Nihilisme : considérer en chaque chose uniquement les raisons de la détruire. C'est une réaction d'adolescent furieux de ne pas s'être auto-engendré, qui veut détruire le monde parce qu'il a existé avant lui et qu'il existera après lui. C'est notre époque.

Réalisme intégral : prendre le monde tel qu'il est, c'est-à-dire donné par Dieu (le réalisme est intégral parce qu'il prend le visible et l'invisible, l'existence de Dieu).

Claude Tresmontant est mort entouré de sa famille en récitant des prières chrétiennes en hébreu. Ca a une autre gueule que piqué au Rivotril par une infirmière tatouée.

Comme je n'aime pas me répéter, je vous prie de lire ces deux billets :

Le Christ hébreu (C. Tresmontant)


La pensée de Tresmontant est conforme à sa cosmologie : elle se développe et s'enrichit à partir d'un point de départ qui contient déjà tout en germe.

Le problème de l'existence de Dieu : le temps créateur.

Le problème de l'existence de Dieu est simple à poser.

Quelque chose ne peut sortir de rien. Puisque le monde existe, il y a un incréé quelque part.

Soit cet incréé est le monde lui-même, qui est là de toute éternité et pour l'éternité. C'est la thèse des philosophes grecs et des philosophes nazis allemands.

Soit cet incréé est extérieur à notre monde (thèse judéo-chrétienne) et c'est qu'on appelle Dieu. À charge pour les théologiens d'en trouver et d'en prouver les caractéristiques (unicité, ubiquité, toute-puissance, bonté etc.)

D'où l'hostilité fondamentale des philosophes nazis allemands envers les juifs. Pour Tresmontant, le nazisme n'est pas un accident de l'histoire qui aurait pu arriver à un autre pays mais bien un produit spécifique de l'Allemagne du fait de sa weltanschauung (ça impressionne toujours les Français quand on emploie des mots boches).

Tresmontant s'intéresse beaucoup à la biologie et la cosmologie. Pour lui, toute philosophie doit intégrer les découvertes scientifiques.

Son premier livre, La pensée hébraïque, explique que le monde est en création permanente, qu'il y a sans cesse augmentation de la complexité, c'est-à-dire injection par Dieu d'information dans le système monde. Cette vision s'oppose au temps immobile des Grecs ou au temps cyclique des bouddhistes.

Dans la Bible, le verbe « créer » est réservé à Dieu. Les hommes fabriquent, seul Dieu crée. Le corps n'est pas mauvais puisqu'il est donné par Dieu, la vie n'est pas mauvaise puisqu'elle est donnée par Dieu. Nous sommes très loin du pessimisme ontologique des hindous, des bouddhistes et des platoniciens.
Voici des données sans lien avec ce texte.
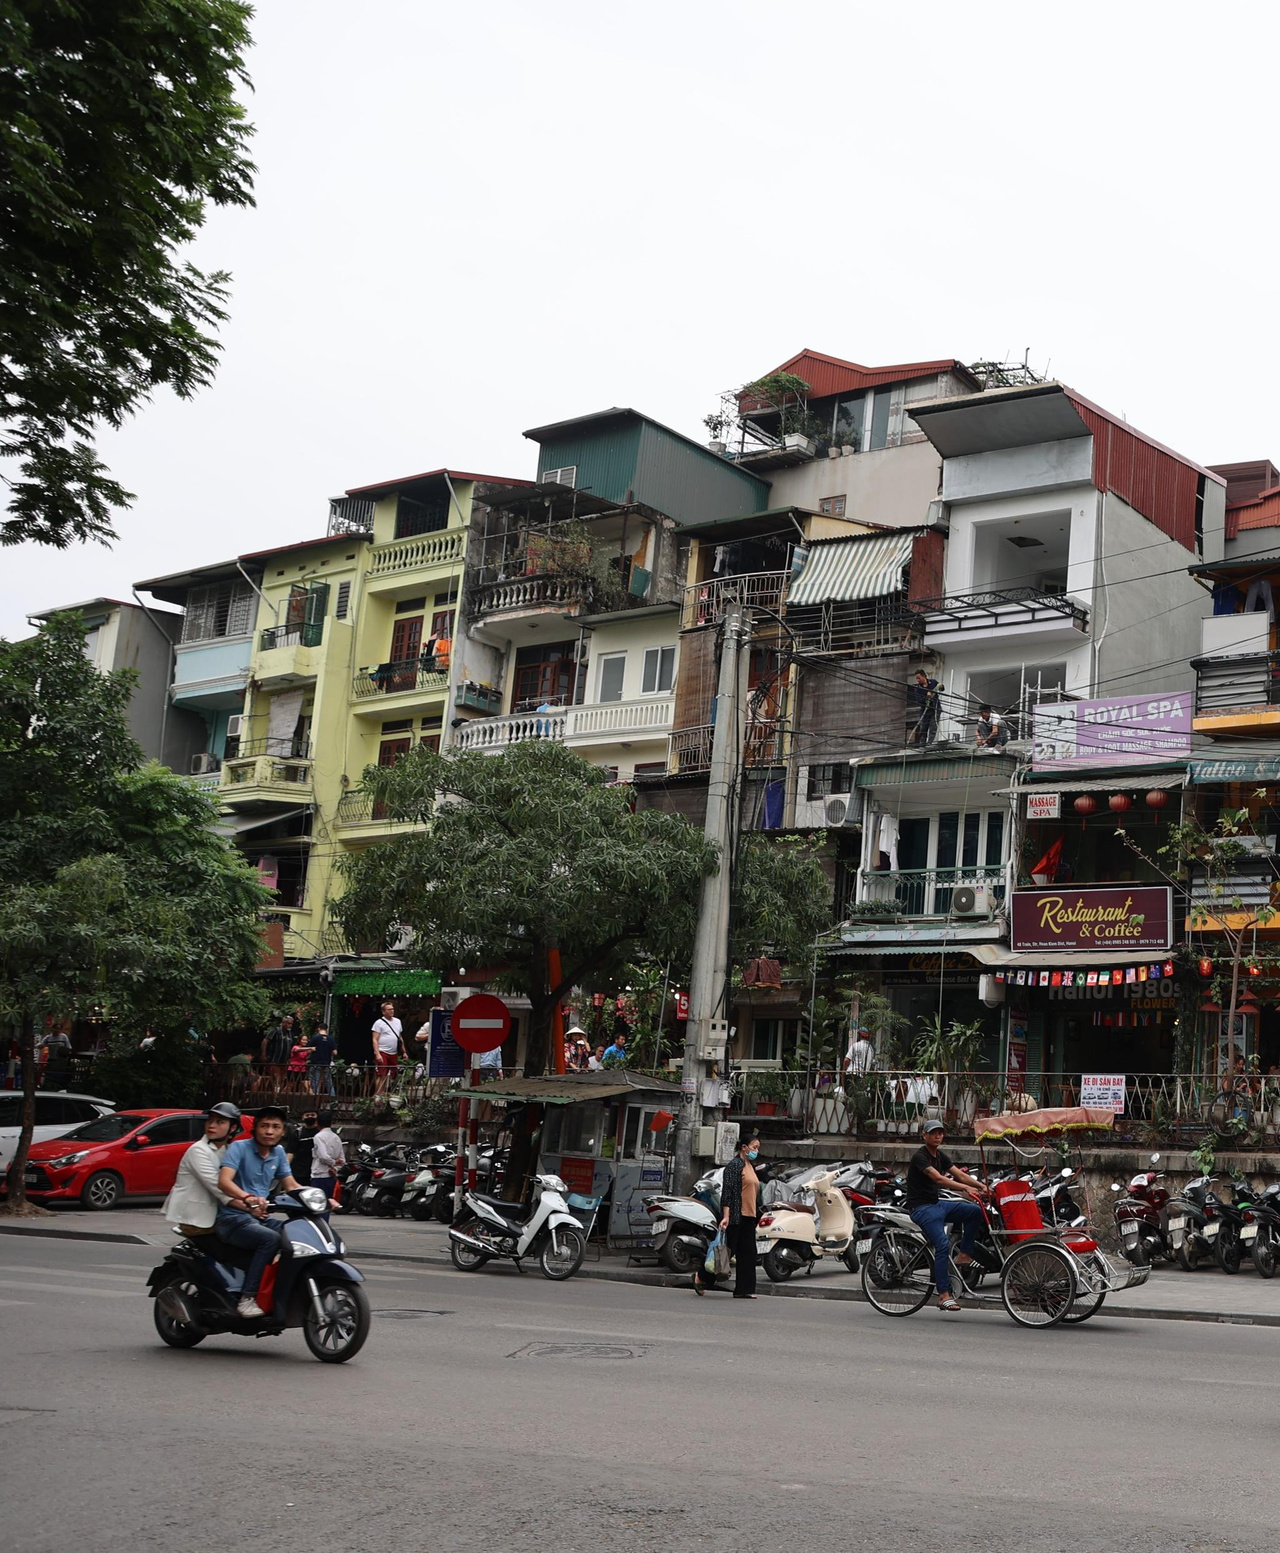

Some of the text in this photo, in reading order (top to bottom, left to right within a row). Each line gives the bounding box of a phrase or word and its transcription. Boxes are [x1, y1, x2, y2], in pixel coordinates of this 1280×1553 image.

[1084, 700, 1184, 725] ROYAL SPA
[1079, 746, 1096, 755] BODY
[1155, 737, 1187, 748] SHAMPOO
[1029, 796, 1057, 808] MASSAGE
[1032, 809, 1051, 817] SPA
[1037, 896, 1132, 934] Restaurant
[1079, 921, 1142, 938] & Coffee
[1131, 998, 1178, 1009] FLOWER
[1083, 1077, 1091, 1086] XE
[1112, 1077, 1124, 1087] BAY
Tresmontant n'a aucun problème avec le darwinisme à la condition de ne pas invoquer le seul hasard. Comme disait Chesterton « Donnez un pot d'ocre à un singe, mettez le dans une grotte un temps infini et jamais il ne vous peindra Lascaux ».

Pour Tresmontant, la liaison entre la pensée hébraïque et le christianisme est intime, profonde. Nul doute que la remontée actuelle de la judéophobie l'aurait beaucoup chagriné. Pourtant, il était catholique et, comme tel, considérait les juifs, refusant le Christ, comme étant dans l'erreur.
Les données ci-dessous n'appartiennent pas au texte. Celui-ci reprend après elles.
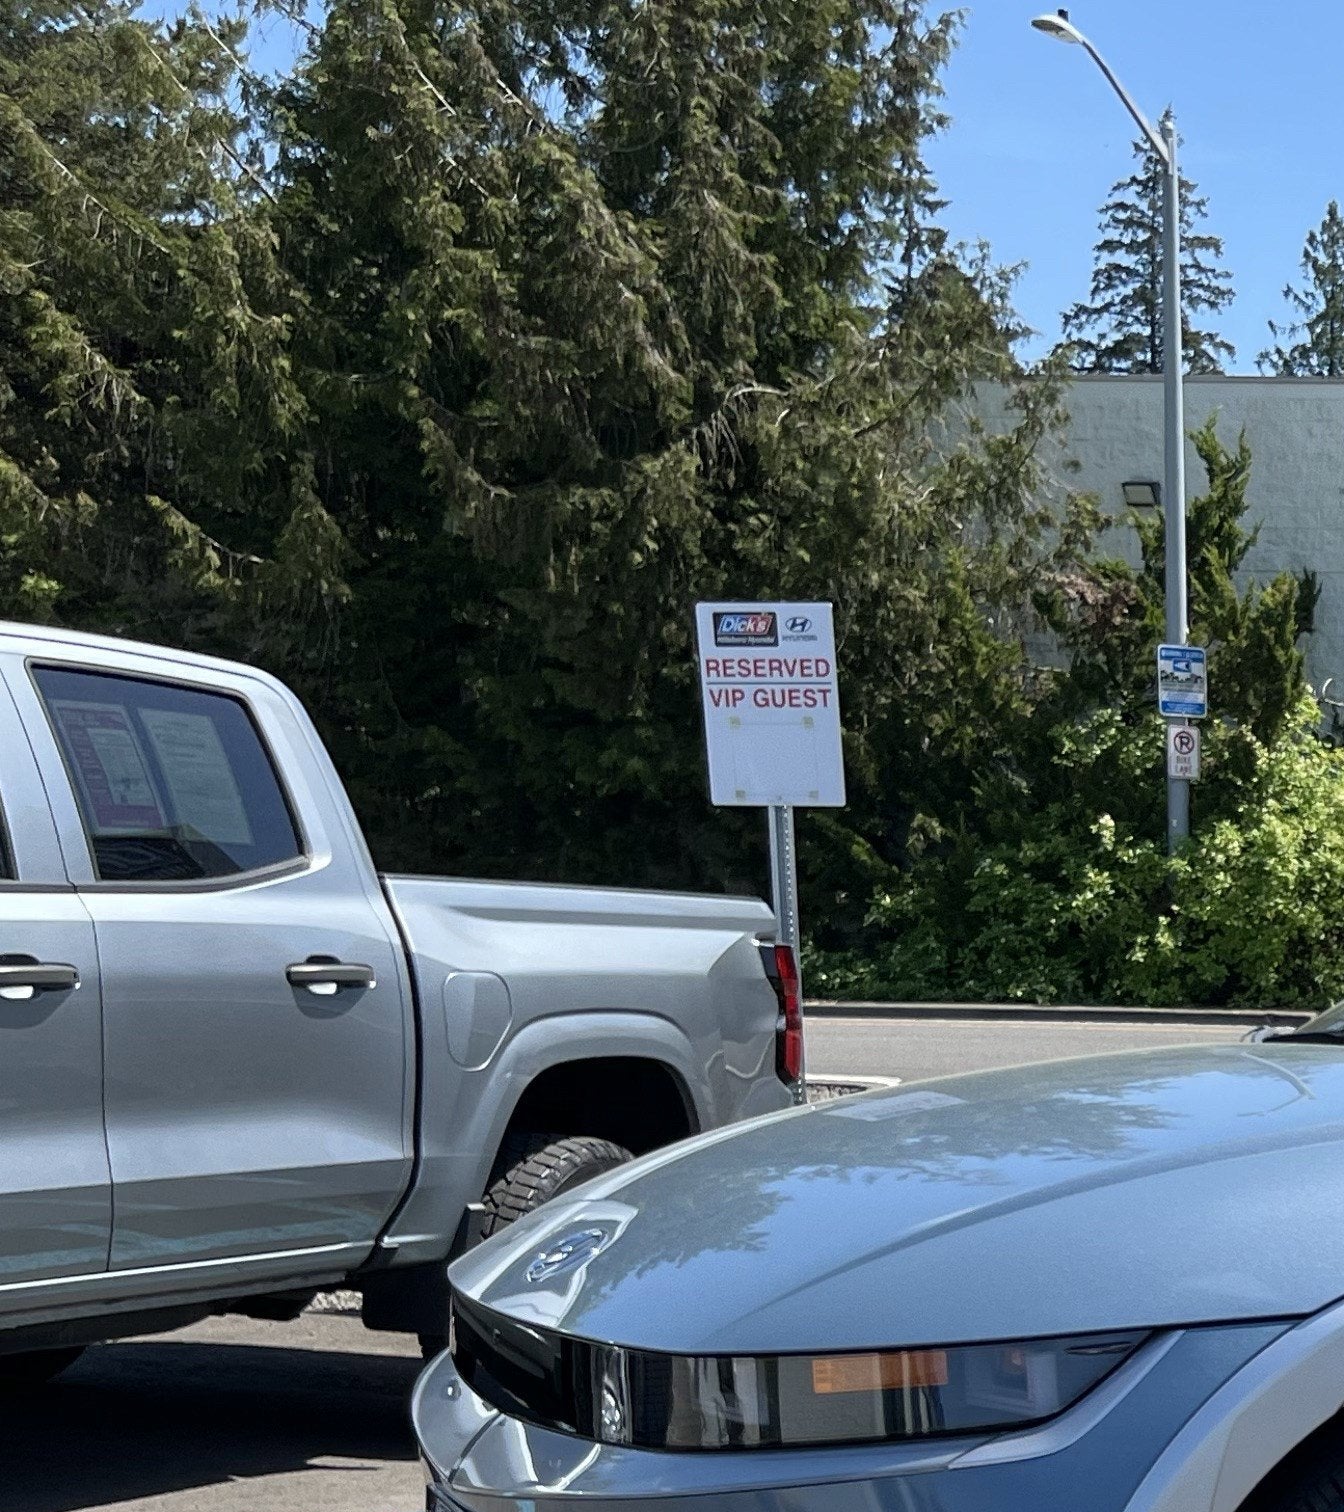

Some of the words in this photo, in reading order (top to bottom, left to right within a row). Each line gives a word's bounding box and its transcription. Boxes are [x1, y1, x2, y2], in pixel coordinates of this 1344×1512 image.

Il se trouve que la pensée judéo-chrétienne n'est pas contradictoire, contrairement aux pensées cycliques, avec la cosmologie actuelle d'un univers en expansion. Ce n'est pas une preuve de justesse mais c'est au moins une preuve de non-contradiction.

Croire ? Ce n'est pas le problème.

Selon Tresmontant, nous faisons un contre-sens fidéiste gravissime. Le mot hébreu qui est couramment traduit par  « foi » signifie en réalité « connaissance », c'est-à-dire, dans notre référentiel, l'exact inverse.
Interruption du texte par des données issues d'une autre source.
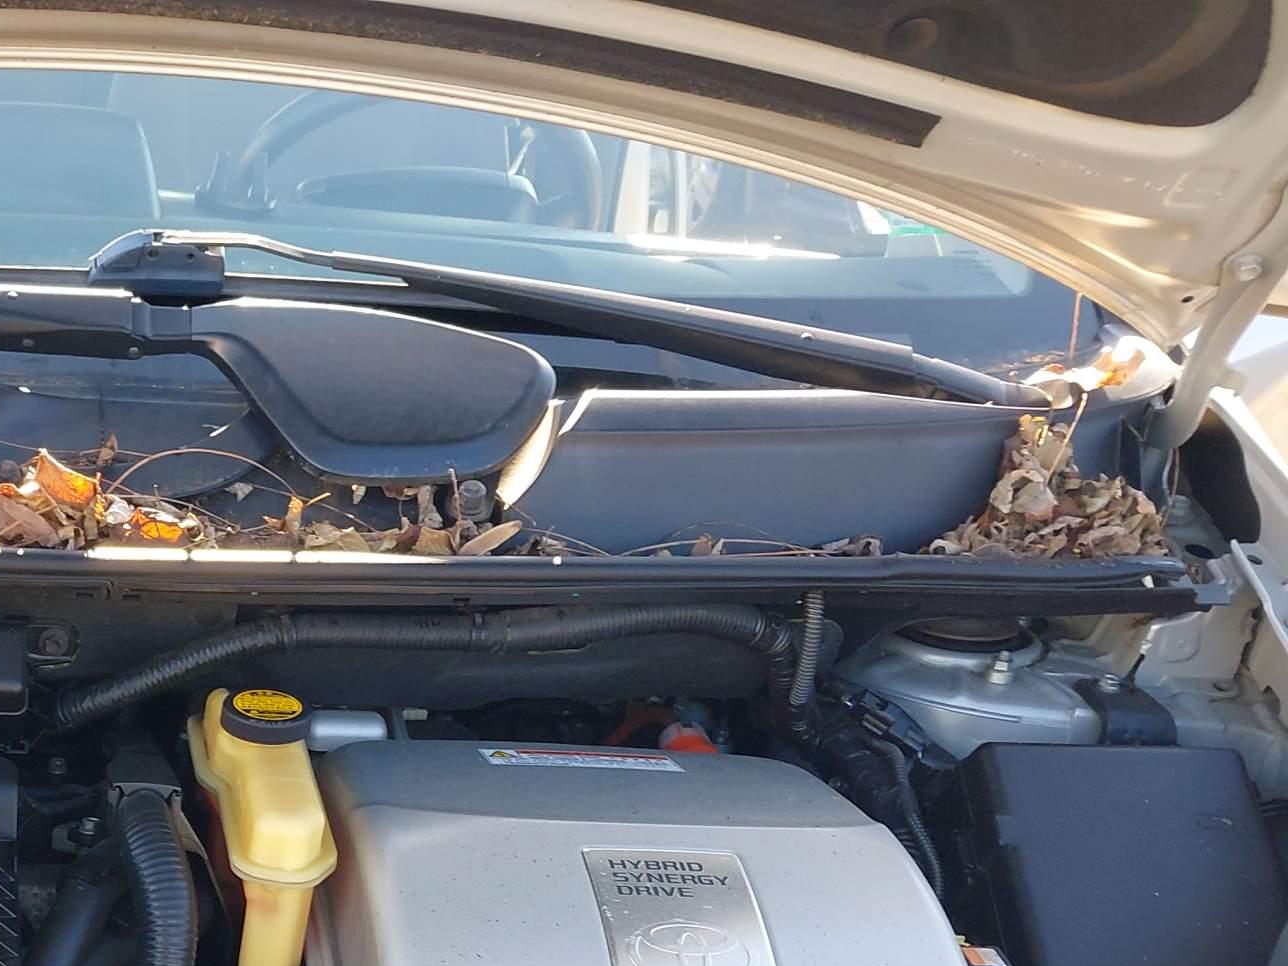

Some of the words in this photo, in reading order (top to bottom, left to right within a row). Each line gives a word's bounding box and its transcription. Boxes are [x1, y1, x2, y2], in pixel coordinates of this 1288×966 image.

[608, 858, 703, 872] HYBRID
[612, 872, 728, 887] SYNERGY
[617, 886, 694, 898] DRIVE
Evidemment, tout un tas de conséquences néfastes découle de cette erreur. C'est, en gros, le nominalisme : en 1625, « Dieu existe parce que je le dis », en 2025 « Robert est une femme parce qu'il le dit ». Non, non, Dieu n'existe pas parce que quelqu'un le dit, parce que quelqu'un y croit. Dieu existe parce que son existence est rationnellement démontrable, même s'il faut la Foi pour parcourir le dernier mètre. Le catéchisme dit (excellente définition qu'il n'est nul besoin de réviser) : « La Foi est l'assentiment à l'intelligence des choses révélées ». Les Pères de l'Eglise et les docteurs de l'Eglise ont bâti une cathédrale intellectuelle, ce n'est pas juste parce qu'ils s'ennuyaient en attendant la messe du dimanche.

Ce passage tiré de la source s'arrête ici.